The Martian Sky: Stargazing from the Red Planet

While Earthlings are all so busy gazing at Mars, did you ever wonder what it would be like to gaze at Earth from Mars? Are Mars' skies really pink? How bright would Earth be and what would happen to Earth when Mars is at opposition?

Most of the images below have larger versions available by clicking on the image.

Sunset near Twin Peaks
on Mars

This is a true colour image of an actual sunset on Mars taken by Pathfinder. Twin Peaks can be seen on the horizon. The sky around the Sun is a pale bluish colour. The image was taken around 4pm.

This series of images is a false colour time-lapse sequence of the Martian sunrise. The bottom image is the first one taken just before sunrise. Notice how the Martian sky gets light before sunrise.

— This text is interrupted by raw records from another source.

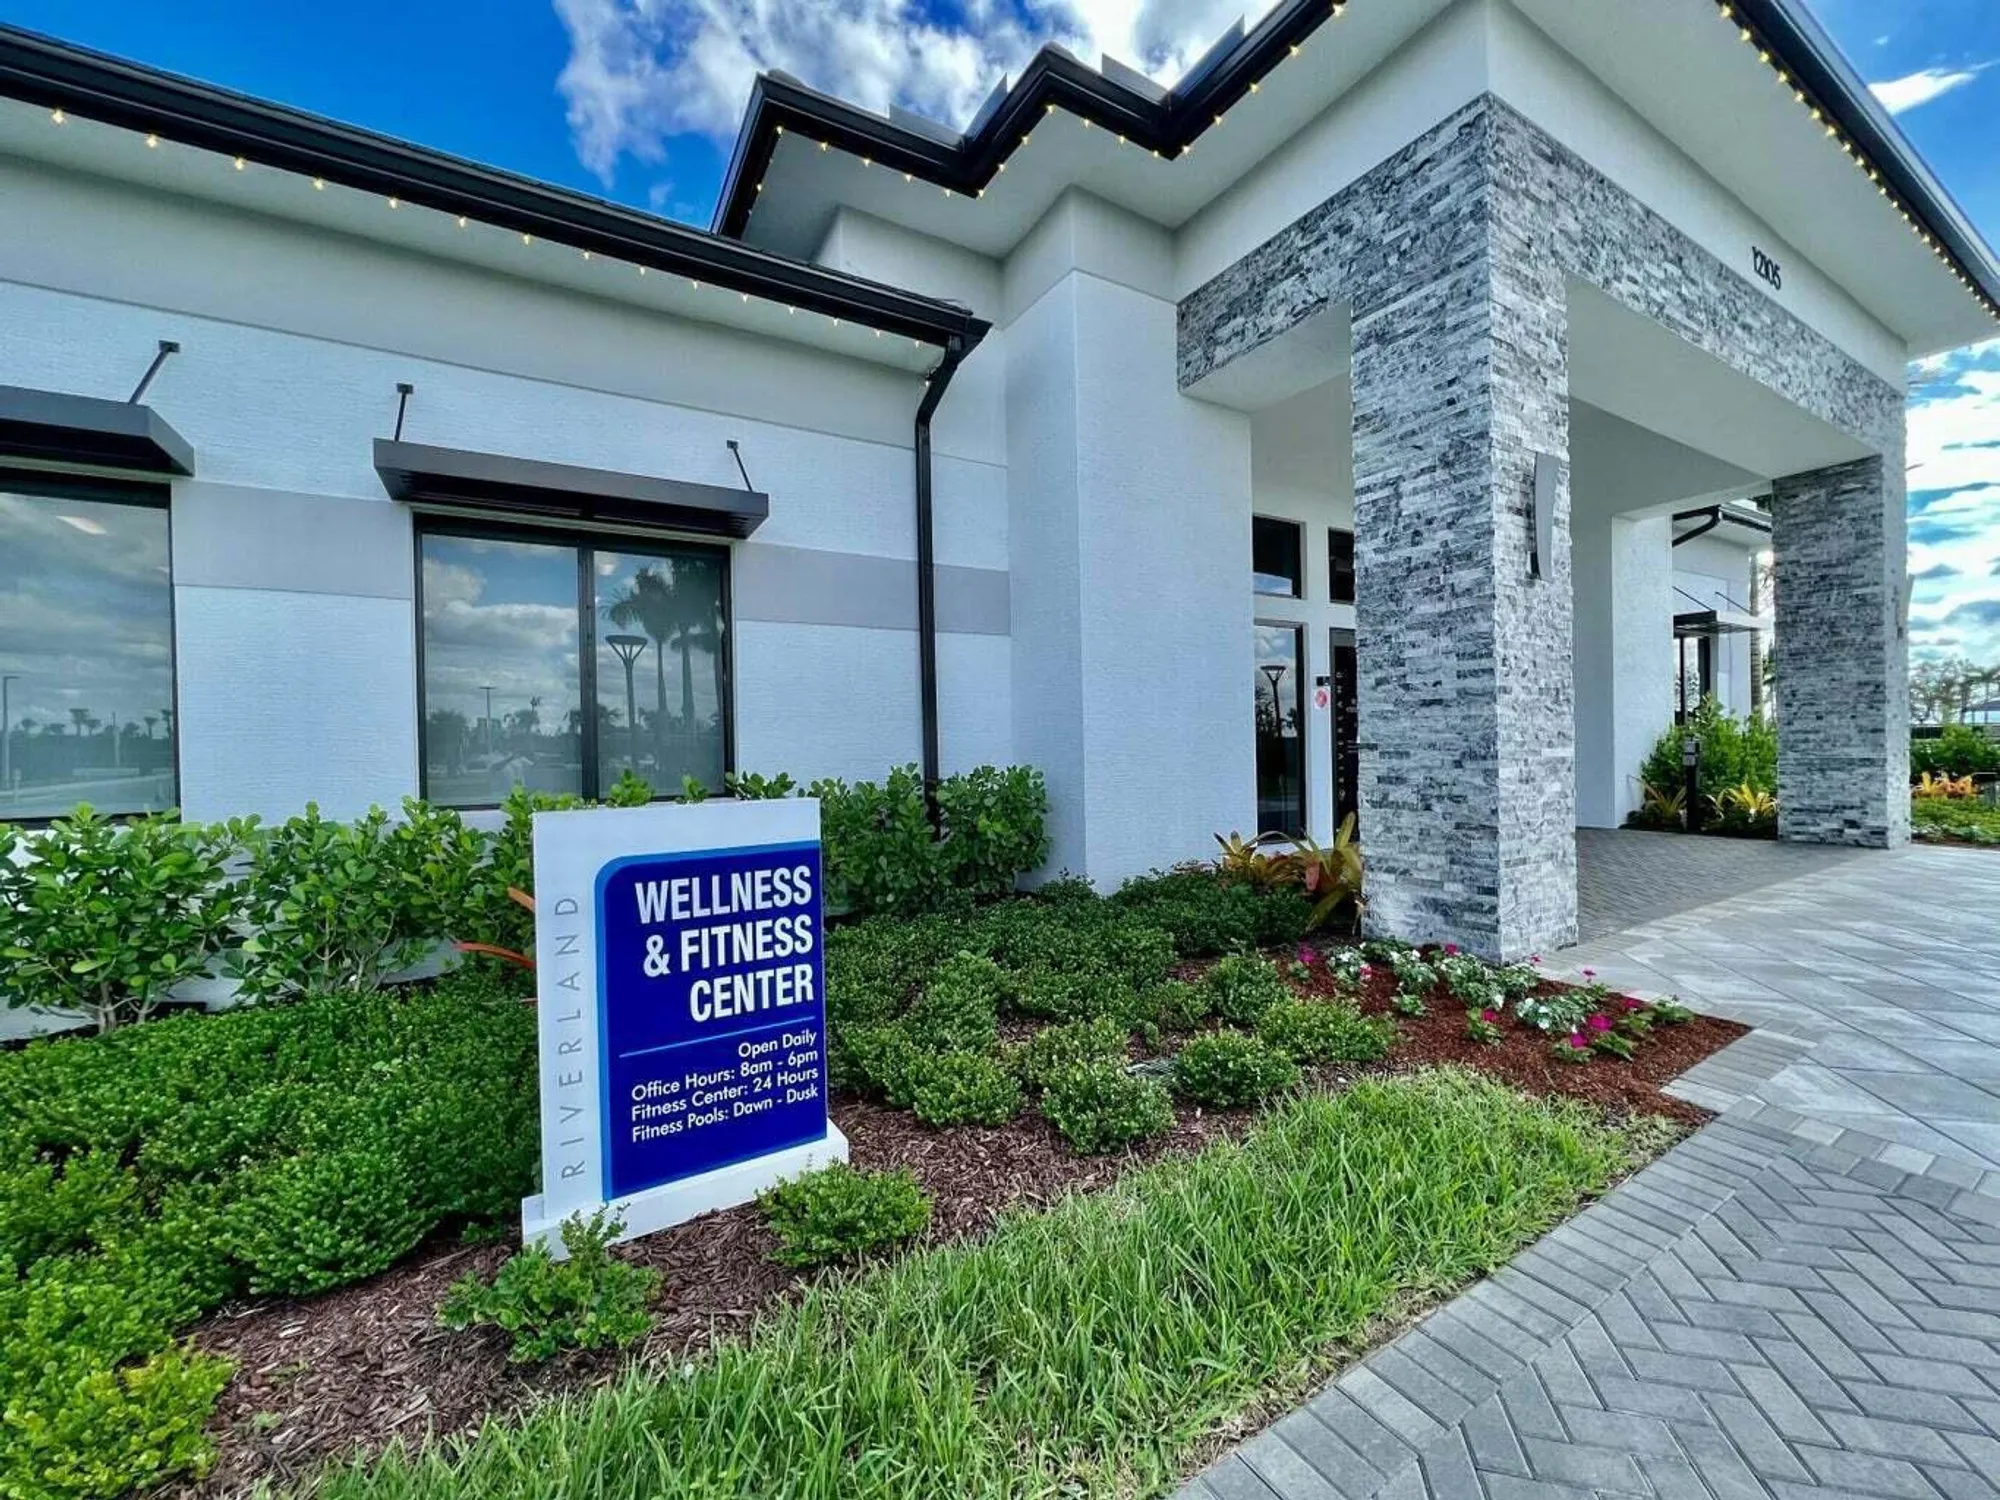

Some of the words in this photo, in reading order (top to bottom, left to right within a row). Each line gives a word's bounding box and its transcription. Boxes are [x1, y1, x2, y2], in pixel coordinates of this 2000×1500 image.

[634, 865, 812, 924] WELLNESS
[643, 934, 671, 978] &
[680, 914, 813, 972] FITNESS
[689, 963, 814, 1022] CENTER
[555, 896, 586, 1180] RIVERLAND
[738, 1039, 778, 1059] Open
[782, 1029, 817, 1049] Daily
[631, 1080, 681, 1101] Office
[685, 1068, 735, 1089] Hours:
[740, 1060, 773, 1077] 8am
[788, 1050, 818, 1068] 6pm
[631, 1098, 687, 1122] Fitness
[692, 1084, 748, 1107] Center:
[753, 1075, 772, 1093] 24
[777, 1067, 819, 1087] Hours
[632, 1119, 683, 1143] Fitness
[687, 1107, 729, 1129] Pools:
[733, 1097, 773, 1117] Dawn
[786, 1084, 819, 1104] Dusk

This is due to all of the dust in Mars' atmosphere. Light from the sun is caught and scattered in the dusty atmosphere making the sky light before the sun even rises.

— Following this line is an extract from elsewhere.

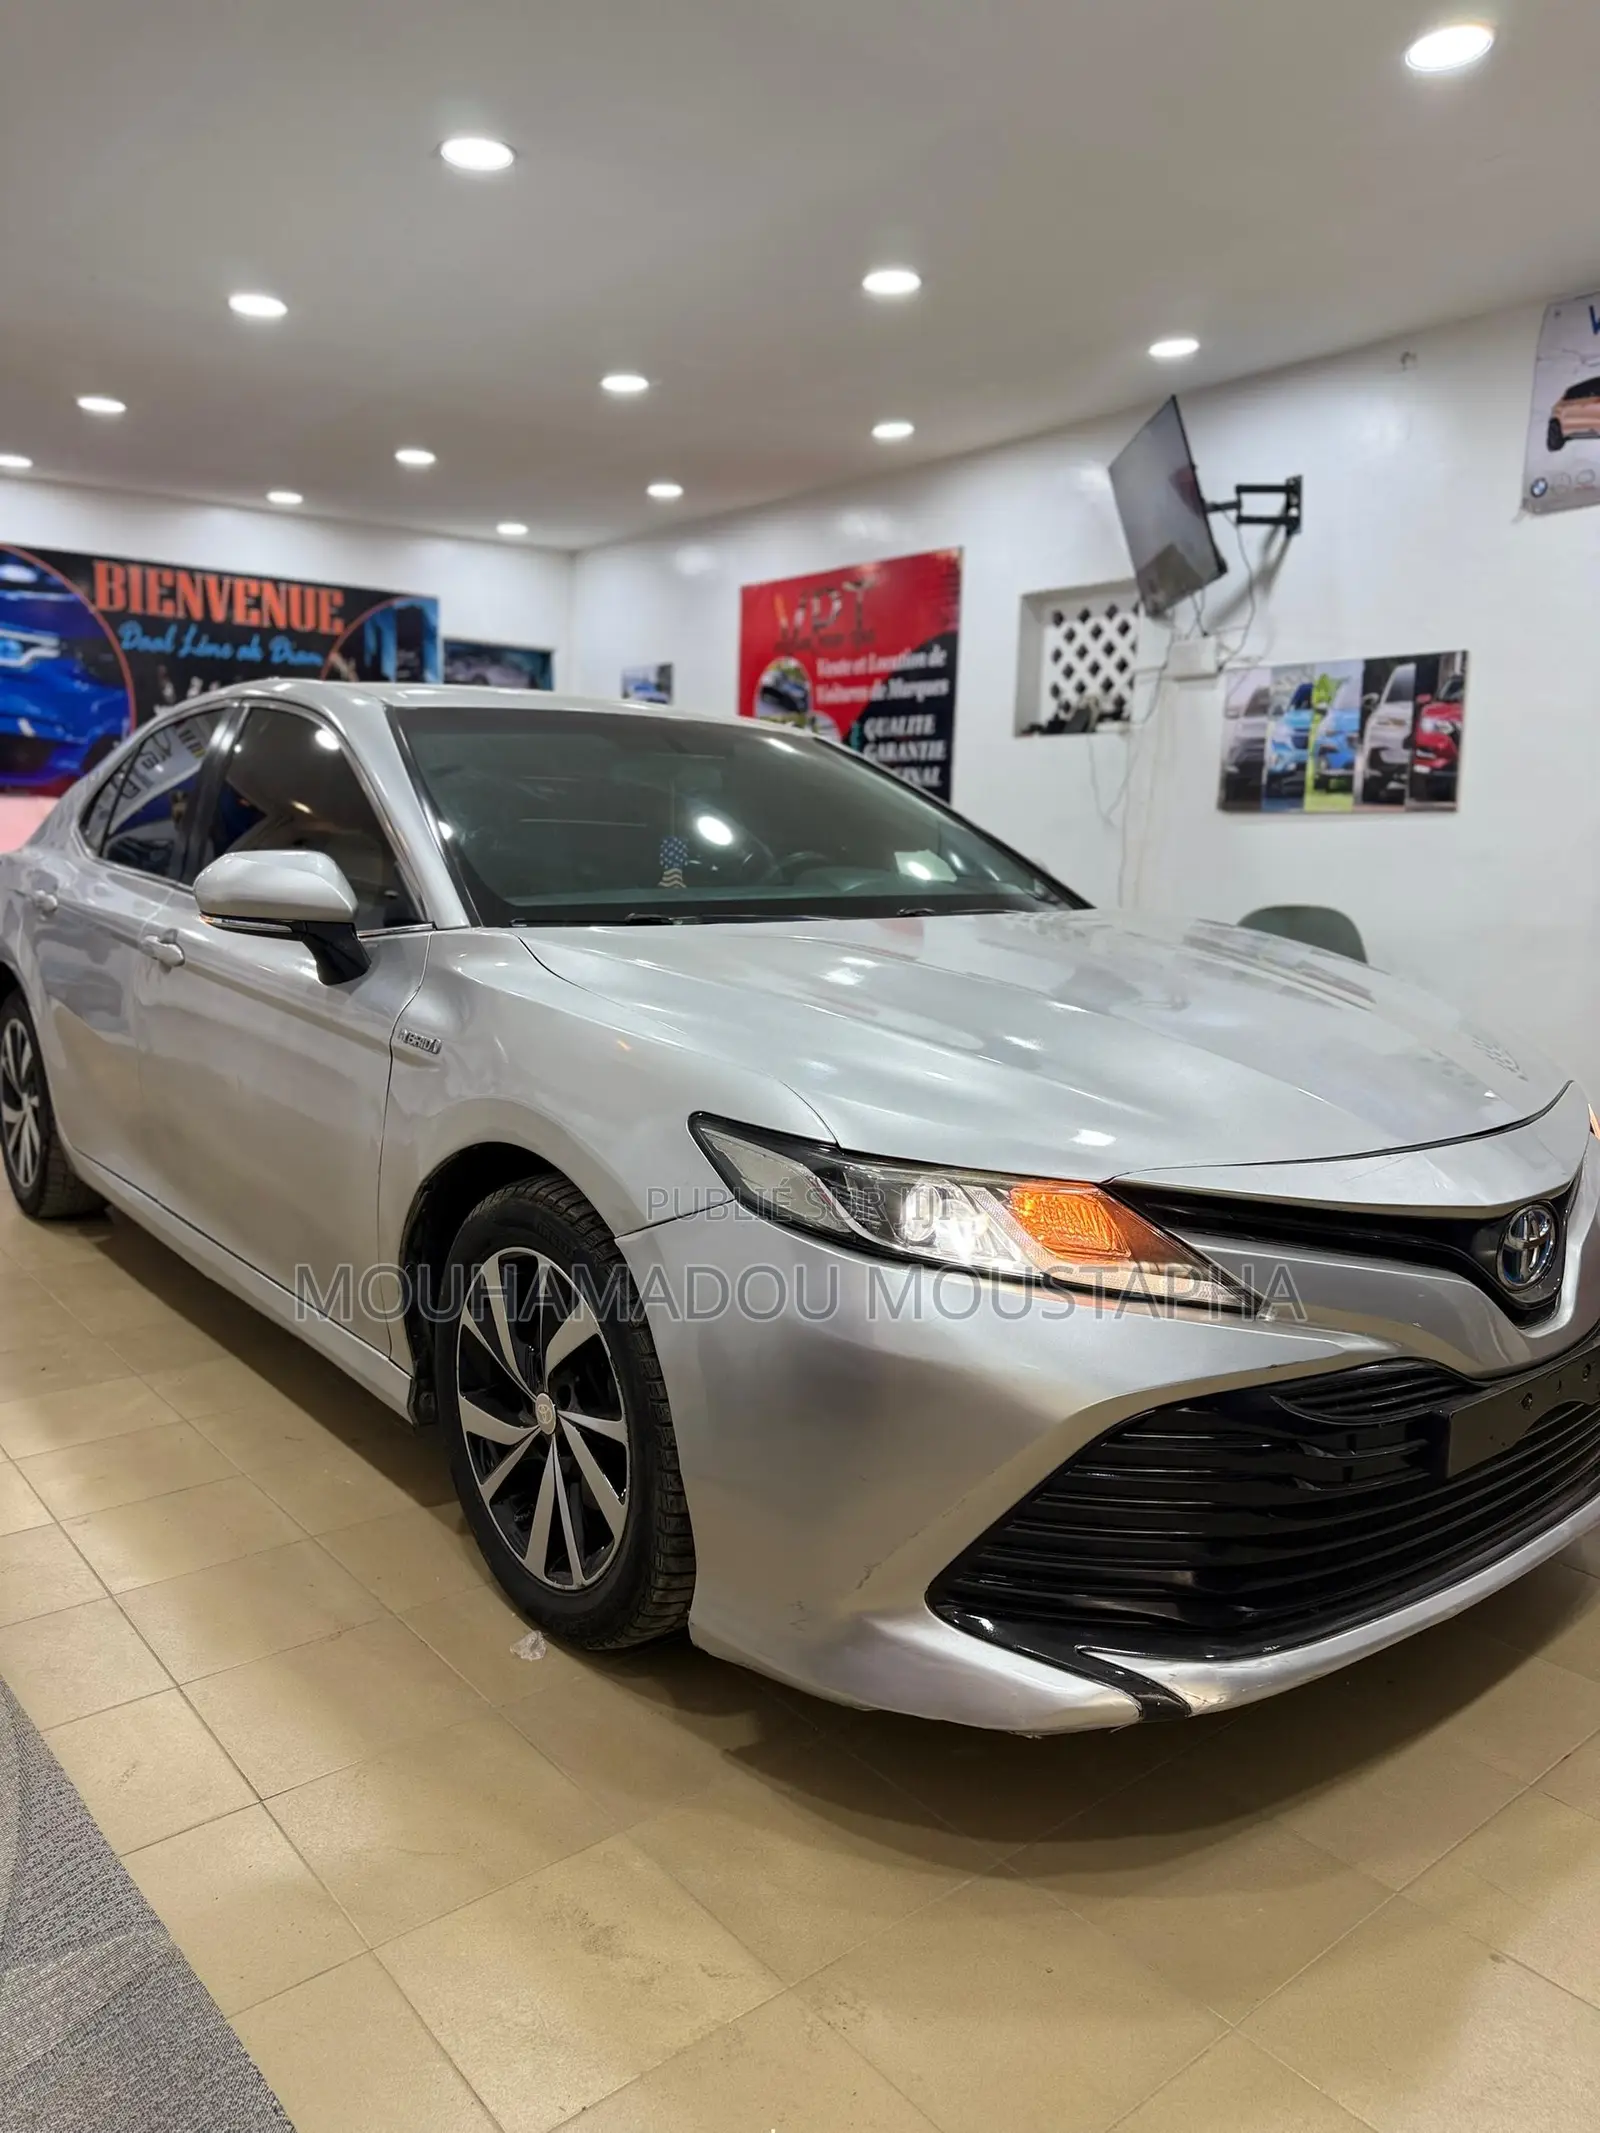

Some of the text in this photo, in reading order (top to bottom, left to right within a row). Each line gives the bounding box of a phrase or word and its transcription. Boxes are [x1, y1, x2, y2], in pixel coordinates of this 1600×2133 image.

[93, 559, 346, 635] BIENVENUE
[868, 648, 927, 673] Location
[928, 644, 948, 667] de

This image is very similar to the one above except that the sun has already set. The image was taken as part of a twilight study which indicates how the brightness of the sky fades with time after sunset. It was determined that the Martian sky stays bright for as long as two hours after the Sun has set. Again, this phenomena is due to the height of the dust in Mars atmosphere, indicating that Martian dust extends very high into the atmosphere.

There are times when Mars' sky takes on a strange violet hue. The colouration is caused when water ice clouds cover the sky. The water ice particles are much smaller than the Martian dust. Small particles, some one-thousandth the thickness of a human hair, are bright in blue light and almost invisible in red light. This enabled scientists to conclude that the ice particles are very small. This image was taken by the Imager for Mars Pathfinder.

These clouds could just as easily have come from Earth, but they are in fact the first colour image ever taken of an overcast sky on Mars. The pink stratus clouds are coming from the northeast at about fifteen miles per hour (6.7 m/s). The clouds are about ten miles (16km) above the surface. The clouds themselves are composed of water ice condensed on reddish-brown dust particles which are suspended in the atmosphere. Martian clouds are sometimes localized and other times cover huge areas. The image was taken about an hour and forty minutes before sunrise by the imager for Mars Pathfinder.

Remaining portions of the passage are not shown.